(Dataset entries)
--------------------------------

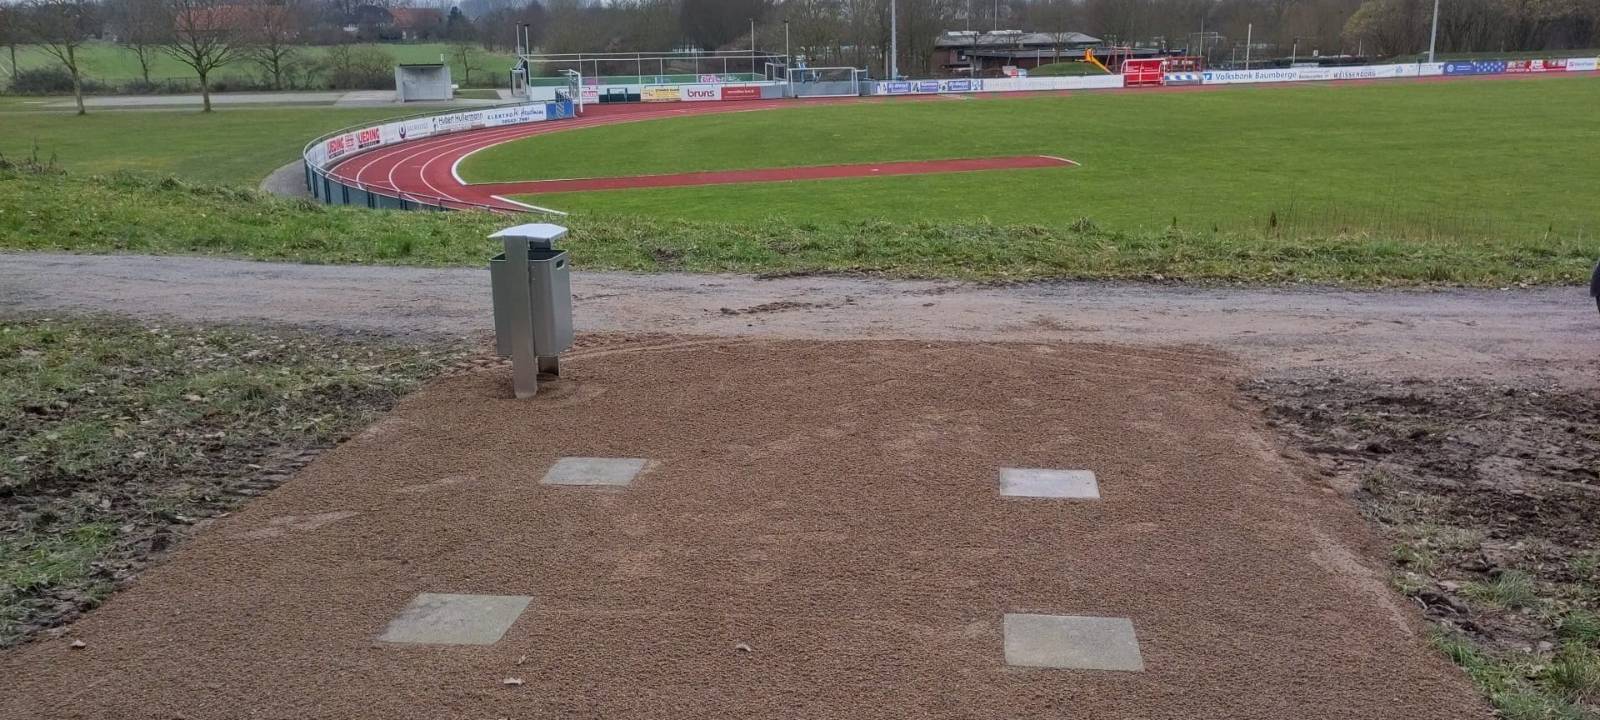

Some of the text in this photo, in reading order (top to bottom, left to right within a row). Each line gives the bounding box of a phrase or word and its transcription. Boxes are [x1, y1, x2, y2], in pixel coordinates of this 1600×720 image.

[1215, 70, 1252, 80] Volksbank
[1255, 70, 1297, 80] Baumberge
[687, 87, 715, 98] bruns
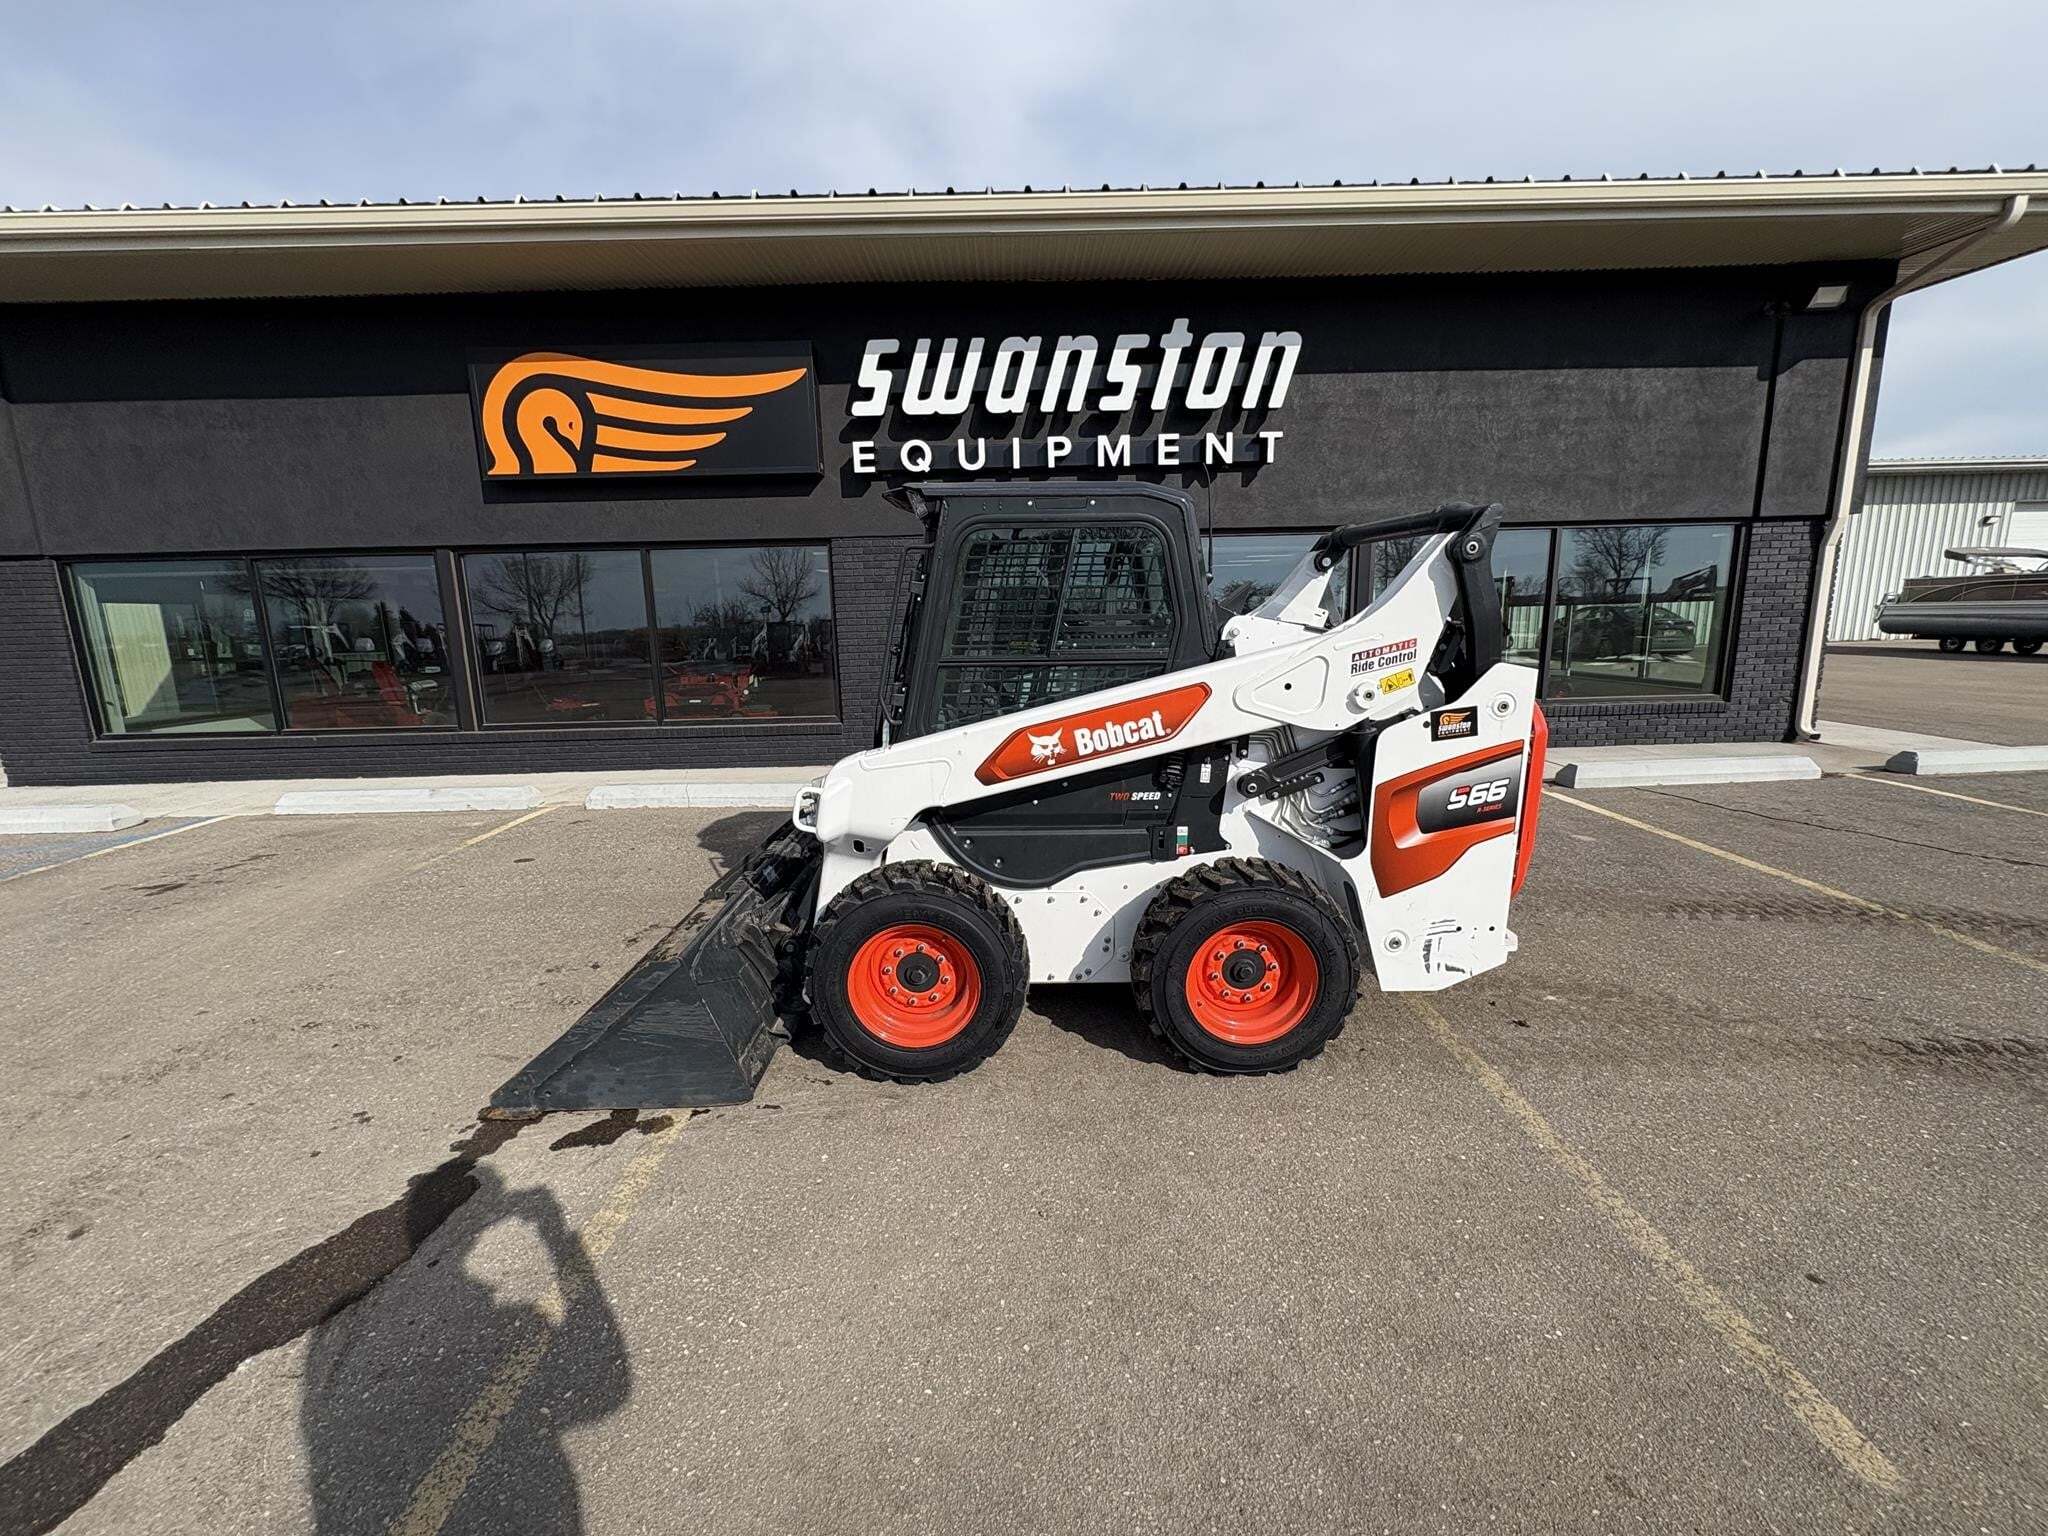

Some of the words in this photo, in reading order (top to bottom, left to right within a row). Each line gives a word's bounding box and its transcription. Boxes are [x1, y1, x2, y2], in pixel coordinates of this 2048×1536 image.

[852, 431, 1283, 474] EQUIPMENT
[1351, 660, 1375, 675] Ride
[1378, 648, 1417, 668] Control
[1353, 639, 1416, 661] AUTOMATIC
[1073, 710, 1167, 757] Bobcat
[1110, 792, 1130, 801] TWO
[1131, 791, 1161, 801] SPEED
[1446, 778, 1510, 811] S66

--------------------------------

> _Instructions for the task_:
The required output is every line of the entries, starting at the one that contains "Some of the words" and ending at the last, copied exactly.

> _Your solution_:
Some of the words in this photo, in reading order (top to bottom, left to right within a row). Each line gives a word's bounding box and its transcription. Boxes are [x1, y1, x2, y2], in pixel coordinates of this 2048×1536 image.

[852, 431, 1283, 474] EQUIPMENT
[1351, 660, 1375, 675] Ride
[1378, 648, 1417, 668] Control
[1353, 639, 1416, 661] AUTOMATIC
[1073, 710, 1167, 757] Bobcat
[1110, 792, 1130, 801] TWO
[1131, 791, 1161, 801] SPEED
[1446, 778, 1510, 811] S66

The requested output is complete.